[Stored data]
┄┄┄┄┄┄

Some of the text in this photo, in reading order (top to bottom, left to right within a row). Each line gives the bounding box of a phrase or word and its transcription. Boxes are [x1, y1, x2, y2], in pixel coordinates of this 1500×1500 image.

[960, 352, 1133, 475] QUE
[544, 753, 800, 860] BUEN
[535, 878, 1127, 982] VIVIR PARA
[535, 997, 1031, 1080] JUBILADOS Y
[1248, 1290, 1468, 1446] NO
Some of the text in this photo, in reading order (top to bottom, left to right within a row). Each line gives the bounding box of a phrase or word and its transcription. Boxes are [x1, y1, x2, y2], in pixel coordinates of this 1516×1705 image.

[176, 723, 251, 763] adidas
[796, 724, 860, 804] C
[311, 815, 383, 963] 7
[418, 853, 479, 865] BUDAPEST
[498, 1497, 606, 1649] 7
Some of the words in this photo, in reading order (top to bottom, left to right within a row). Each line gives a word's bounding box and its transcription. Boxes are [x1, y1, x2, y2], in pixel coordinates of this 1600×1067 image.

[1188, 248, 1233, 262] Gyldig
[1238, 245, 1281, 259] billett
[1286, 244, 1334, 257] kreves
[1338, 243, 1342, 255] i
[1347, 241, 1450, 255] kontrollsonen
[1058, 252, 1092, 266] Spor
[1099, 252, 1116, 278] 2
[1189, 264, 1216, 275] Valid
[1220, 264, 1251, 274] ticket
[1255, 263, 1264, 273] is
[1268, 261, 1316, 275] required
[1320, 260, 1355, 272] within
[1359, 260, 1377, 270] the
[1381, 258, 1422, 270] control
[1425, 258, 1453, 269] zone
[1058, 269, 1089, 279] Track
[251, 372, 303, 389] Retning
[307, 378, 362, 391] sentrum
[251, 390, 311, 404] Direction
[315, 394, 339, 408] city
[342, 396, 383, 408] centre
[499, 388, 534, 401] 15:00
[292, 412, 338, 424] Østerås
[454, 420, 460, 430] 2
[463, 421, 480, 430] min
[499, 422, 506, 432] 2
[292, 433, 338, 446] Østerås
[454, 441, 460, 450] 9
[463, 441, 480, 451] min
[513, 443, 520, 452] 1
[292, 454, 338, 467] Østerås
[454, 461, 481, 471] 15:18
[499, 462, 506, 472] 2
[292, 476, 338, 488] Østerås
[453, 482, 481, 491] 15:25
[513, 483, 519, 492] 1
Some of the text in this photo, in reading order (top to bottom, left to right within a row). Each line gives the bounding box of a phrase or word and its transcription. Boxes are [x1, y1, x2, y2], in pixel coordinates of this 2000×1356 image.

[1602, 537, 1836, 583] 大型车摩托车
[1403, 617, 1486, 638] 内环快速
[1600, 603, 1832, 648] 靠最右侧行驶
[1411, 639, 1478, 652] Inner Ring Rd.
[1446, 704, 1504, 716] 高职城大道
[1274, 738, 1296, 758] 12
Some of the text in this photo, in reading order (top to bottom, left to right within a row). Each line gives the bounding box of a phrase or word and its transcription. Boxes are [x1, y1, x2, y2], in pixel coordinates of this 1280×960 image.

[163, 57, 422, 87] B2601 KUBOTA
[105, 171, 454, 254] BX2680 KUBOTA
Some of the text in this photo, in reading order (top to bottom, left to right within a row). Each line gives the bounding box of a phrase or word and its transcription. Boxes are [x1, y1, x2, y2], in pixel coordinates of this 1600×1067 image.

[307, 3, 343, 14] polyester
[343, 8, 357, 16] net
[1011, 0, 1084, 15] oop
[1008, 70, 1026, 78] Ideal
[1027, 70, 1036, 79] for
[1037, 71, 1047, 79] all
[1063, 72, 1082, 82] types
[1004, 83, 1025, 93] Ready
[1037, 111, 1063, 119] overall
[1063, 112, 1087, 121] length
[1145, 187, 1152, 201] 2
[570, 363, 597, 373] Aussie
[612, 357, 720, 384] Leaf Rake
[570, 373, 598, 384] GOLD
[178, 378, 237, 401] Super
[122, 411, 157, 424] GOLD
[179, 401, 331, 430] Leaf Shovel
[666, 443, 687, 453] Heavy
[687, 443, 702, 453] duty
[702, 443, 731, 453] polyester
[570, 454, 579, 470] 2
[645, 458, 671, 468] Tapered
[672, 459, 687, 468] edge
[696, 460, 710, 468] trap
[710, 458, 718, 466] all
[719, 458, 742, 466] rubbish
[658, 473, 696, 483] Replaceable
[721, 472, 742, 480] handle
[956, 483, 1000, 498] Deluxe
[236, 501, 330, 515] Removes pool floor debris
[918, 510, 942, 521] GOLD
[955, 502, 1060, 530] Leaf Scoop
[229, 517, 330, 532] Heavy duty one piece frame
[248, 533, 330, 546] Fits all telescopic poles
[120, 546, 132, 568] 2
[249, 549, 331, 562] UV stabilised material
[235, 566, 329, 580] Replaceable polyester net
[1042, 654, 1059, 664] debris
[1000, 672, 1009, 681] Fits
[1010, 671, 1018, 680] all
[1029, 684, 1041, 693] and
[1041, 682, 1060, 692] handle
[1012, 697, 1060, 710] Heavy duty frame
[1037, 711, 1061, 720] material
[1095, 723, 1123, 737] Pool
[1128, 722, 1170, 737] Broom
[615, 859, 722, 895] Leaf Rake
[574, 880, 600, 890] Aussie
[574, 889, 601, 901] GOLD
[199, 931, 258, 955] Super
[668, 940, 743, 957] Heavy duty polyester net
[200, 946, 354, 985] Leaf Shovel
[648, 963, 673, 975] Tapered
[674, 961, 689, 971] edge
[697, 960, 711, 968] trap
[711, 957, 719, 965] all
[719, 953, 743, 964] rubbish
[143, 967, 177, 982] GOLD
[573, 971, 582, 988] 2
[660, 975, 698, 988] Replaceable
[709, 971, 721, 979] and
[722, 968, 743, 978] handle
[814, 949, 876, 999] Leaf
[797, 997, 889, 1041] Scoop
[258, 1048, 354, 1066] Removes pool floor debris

┄┄┄┄┄┄

*Exercise objective*
Transcribe each entry above exactly as it reads.

*Answer space*
Some of the text in this photo, in reading order (top to bottom, left to right within a row). Each line gives the bounding box of a phrase or word and its transcription. Boxes are [x1, y1, x2, y2], in pixel coordinates of this 1500×1500 image.

[960, 352, 1133, 475] QUE
[544, 753, 800, 860] BUEN
[535, 878, 1127, 982] VIVIR PARA
[535, 997, 1031, 1080] JUBILADOS Y
[1248, 1290, 1468, 1446] NO
Some of the text in this photo, in reading order (top to bottom, left to right within a row). Each line gives the bounding box of a phrase or word and its transcription. Boxes are [x1, y1, x2, y2], in pixel coordinates of this 1516×1705 image.

[176, 723, 251, 763] adidas
[796, 724, 860, 804] C
[311, 815, 383, 963] 7
[418, 853, 479, 865] BUDAPEST
[498, 1497, 606, 1649] 7
Some of the words in this photo, in reading order (top to bottom, left to right within a row). Each line gives a word's bounding box and its transcription. Boxes are [x1, y1, x2, y2], in pixel coordinates of this 1600×1067 image.

[1188, 248, 1233, 262] Gyldig
[1238, 245, 1281, 259] billett
[1286, 244, 1334, 257] kreves
[1338, 243, 1342, 255] i
[1347, 241, 1450, 255] kontrollsonen
[1058, 252, 1092, 266] Spor
[1099, 252, 1116, 278] 2
[1189, 264, 1216, 275] Valid
[1220, 264, 1251, 274] ticket
[1255, 263, 1264, 273] is
[1268, 261, 1316, 275] required
[1320, 260, 1355, 272] within
[1359, 260, 1377, 270] the
[1381, 258, 1422, 270] control
[1425, 258, 1453, 269] zone
[1058, 269, 1089, 279] Track
[251, 372, 303, 389] Retning
[307, 378, 362, 391] sentrum
[251, 390, 311, 404] Direction
[315, 394, 339, 408] city
[342, 396, 383, 408] centre
[499, 388, 534, 401] 15:00
[292, 412, 338, 424] Østerås
[454, 420, 460, 430] 2
[463, 421, 480, 430] min
[499, 422, 506, 432] 2
[292, 433, 338, 446] Østerås
[454, 441, 460, 450] 9
[463, 441, 480, 451] min
[513, 443, 520, 452] 1
[292, 454, 338, 467] Østerås
[454, 461, 481, 471] 15:18
[499, 462, 506, 472] 2
[292, 476, 338, 488] Østerås
[453, 482, 481, 491] 15:25
[513, 483, 519, 492] 1
Some of the text in this photo, in reading order (top to bottom, left to right within a row). Each line gives the bounding box of a phrase or word and its transcription. Boxes are [x1, y1, x2, y2], in pixel coordinates of this 2000×1356 image.

[1602, 537, 1836, 583] 大型车摩托车
[1403, 617, 1486, 638] 内环快速
[1600, 603, 1832, 648] 靠最右侧行驶
[1411, 639, 1478, 652] Inner Ring Rd.
[1446, 704, 1504, 716] 高职城大道
[1274, 738, 1296, 758] 12
Some of the text in this photo, in reading order (top to bottom, left to right within a row). Each line gives the bounding box of a phrase or word and its transcription. Boxes are [x1, y1, x2, y2], in pixel coordinates of this 1280×960 image.

[163, 57, 422, 87] B2601 KUBOTA
[105, 171, 454, 254] BX2680 KUBOTA
Some of the text in this photo, in reading order (top to bottom, left to right within a row). Each line gives the bounding box of a phrase or word and its transcription. Boxes are [x1, y1, x2, y2], in pixel coordinates of this 1600×1067 image.

[307, 3, 343, 14] polyester
[343, 8, 357, 16] net
[1011, 0, 1084, 15] oop
[1008, 70, 1026, 78] Ideal
[1027, 70, 1036, 79] for
[1037, 71, 1047, 79] all
[1063, 72, 1082, 82] types
[1004, 83, 1025, 93] Ready
[1037, 111, 1063, 119] overall
[1063, 112, 1087, 121] length
[1145, 187, 1152, 201] 2
[570, 363, 597, 373] Aussie
[612, 357, 720, 384] Leaf Rake
[570, 373, 598, 384] GOLD
[178, 378, 237, 401] Super
[122, 411, 157, 424] GOLD
[179, 401, 331, 430] Leaf Shovel
[666, 443, 687, 453] Heavy
[687, 443, 702, 453] duty
[702, 443, 731, 453] polyester
[570, 454, 579, 470] 2
[645, 458, 671, 468] Tapered
[672, 459, 687, 468] edge
[696, 460, 710, 468] trap
[710, 458, 718, 466] all
[719, 458, 742, 466] rubbish
[658, 473, 696, 483] Replaceable
[721, 472, 742, 480] handle
[956, 483, 1000, 498] Deluxe
[236, 501, 330, 515] Removes pool floor debris
[918, 510, 942, 521] GOLD
[955, 502, 1060, 530] Leaf Scoop
[229, 517, 330, 532] Heavy duty one piece frame
[248, 533, 330, 546] Fits all telescopic poles
[120, 546, 132, 568] 2
[249, 549, 331, 562] UV stabilised material
[235, 566, 329, 580] Replaceable polyester net
[1042, 654, 1059, 664] debris
[1000, 672, 1009, 681] Fits
[1010, 671, 1018, 680] all
[1029, 684, 1041, 693] and
[1041, 682, 1060, 692] handle
[1012, 697, 1060, 710] Heavy duty frame
[1037, 711, 1061, 720] material
[1095, 723, 1123, 737] Pool
[1128, 722, 1170, 737] Broom
[615, 859, 722, 895] Leaf Rake
[574, 880, 600, 890] Aussie
[574, 889, 601, 901] GOLD
[199, 931, 258, 955] Super
[668, 940, 743, 957] Heavy duty polyester net
[200, 946, 354, 985] Leaf Shovel
[648, 963, 673, 975] Tapered
[674, 961, 689, 971] edge
[697, 960, 711, 968] trap
[711, 957, 719, 965] all
[719, 953, 743, 964] rubbish
[143, 967, 177, 982] GOLD
[573, 971, 582, 988] 2
[660, 975, 698, 988] Replaceable
[709, 971, 721, 979] and
[722, 968, 743, 978] handle
[814, 949, 876, 999] Leaf
[797, 997, 889, 1041] Scoop
[258, 1048, 354, 1066] Removes pool floor debris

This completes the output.